LONDON.- Hospital Rooms announced the participation of Julian Opie in our latest project at Eileen Skellern 1, Maudsley Hospital at South London and Maudsley NHS Foundation Trust. Eileen Skellern 1 is a psychiatric intensive care unit that provides semi-secure psychiatric and intensive hospital care for women who have severe and on-going mental illnesses.
Julian Opie has created a series of compositions of birds that will be installed directly to the walls of the unit. He will join Paresha Amin, Aimee Mullins, Harold Offeh, Nengi Omuku, Tamsin Relly and Tim A Shaw, who have also begun creating bespoke and museum quality artwork for Eileen Skellern 1.
The project is funded by Arts Council England and through the generosity of Hospital Rooms friends and donors. We are also grateful to Colart who will supply high quality artist materials for the project through their brand Liquitex.
We are really excited to be working with Hospital Rooms and a team of leading artists. Psychiatric Intensive Care Units support patients at a time when they are acutely unwell and at their most vulnerable. The experience of patients and staff in these units is hugely affected by the aesthetic and design of the physical environment. This innovative project will bring together patients, clinicians and artists to co-produce museum quality artwork. Using the power of art to empower women in mental health crises and promote recovery will lead to a sustained positive change in the way we care for our patients. --Dr Faisil Sethi, Consultant Psychiatrist; Ronnie Adeduro, Clinical Services Lead; Rebecca Davies, Occupational Therapist. Eileen Skellern 1, Maudsley Hospital
With public commissions from Seoul to New York, Luxembourg to Zurich and an uninterrupted flow of large museum exhibitions internationally, the work of Julian Opie is known throughout the world. Opies distinctive formal language is instantly recognisable and reflects his artistic preoccupation with the idea of representation, and the means by which images are perceived and understood.
Everything you see is a trick of the light. Opie writes. Light bouncing into your eye, light casting shadows, creating depth, shapes, colours. Turn off the light and its all gone. We use vision as a means of survival and its essential to take it for granted in order to function, but awareness allows us to look at looking and by extension look at ourselves and be aware of our presence. Drawing, drawing out the way that process feels and works brings the awareness into the present and into the real world, the exterior world.

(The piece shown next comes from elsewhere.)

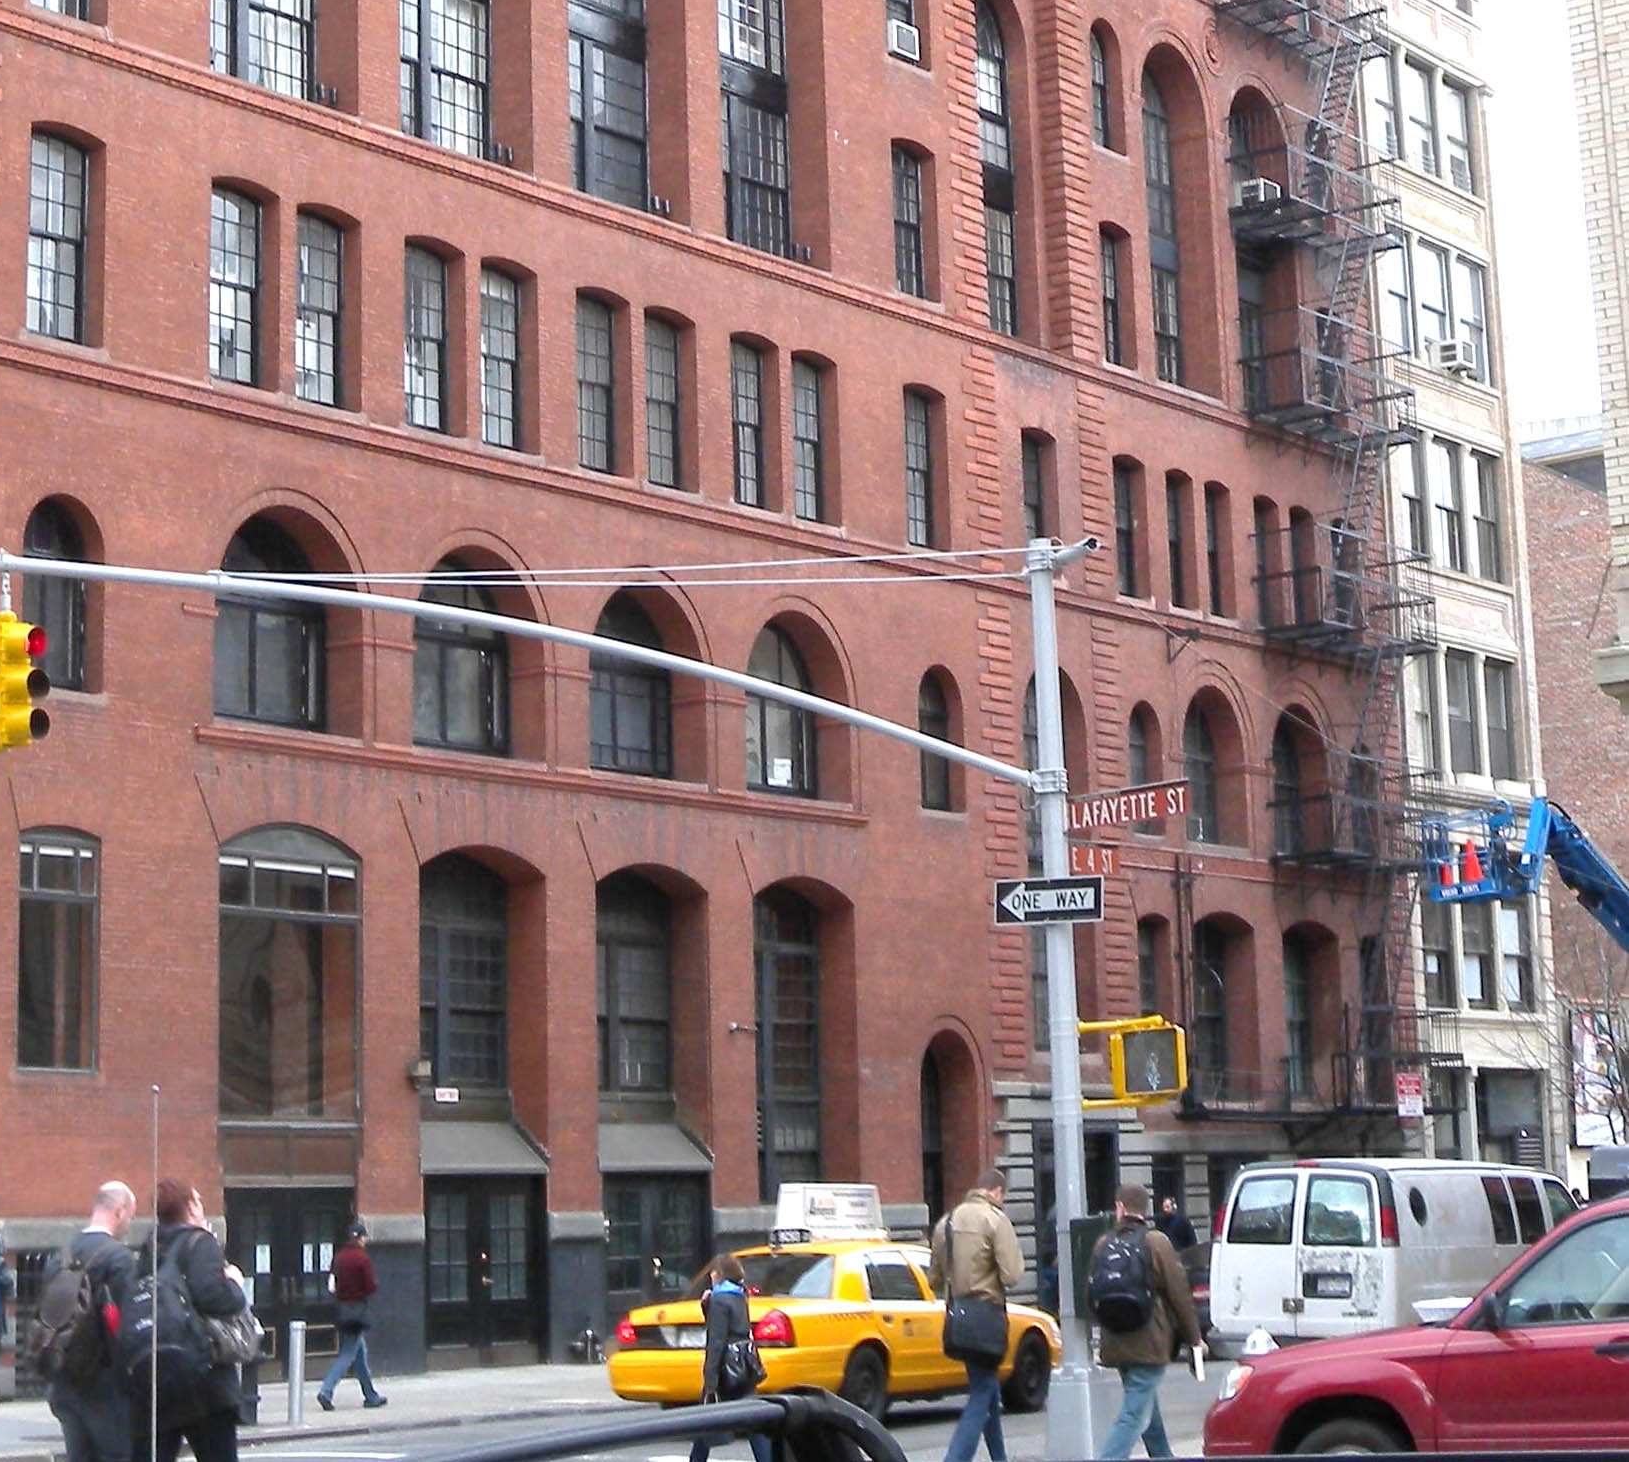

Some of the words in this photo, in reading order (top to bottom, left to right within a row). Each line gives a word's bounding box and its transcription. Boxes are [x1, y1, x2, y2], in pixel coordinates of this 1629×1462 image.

Always exploring different techniques both cutting edge and ancient, Opie plays with ways of seeing through reinterpreting the vocabulary of everyday life; his reductive style evokes both a visual and spatial experience of the world around us. Taking influence from classical portraiture, Egyptian hieroglyphs and Japanese woodblock prints, as well as public signage, information boards and traffic signs, the artist connects the clean visual language of modern life, with the fundamentals of art history.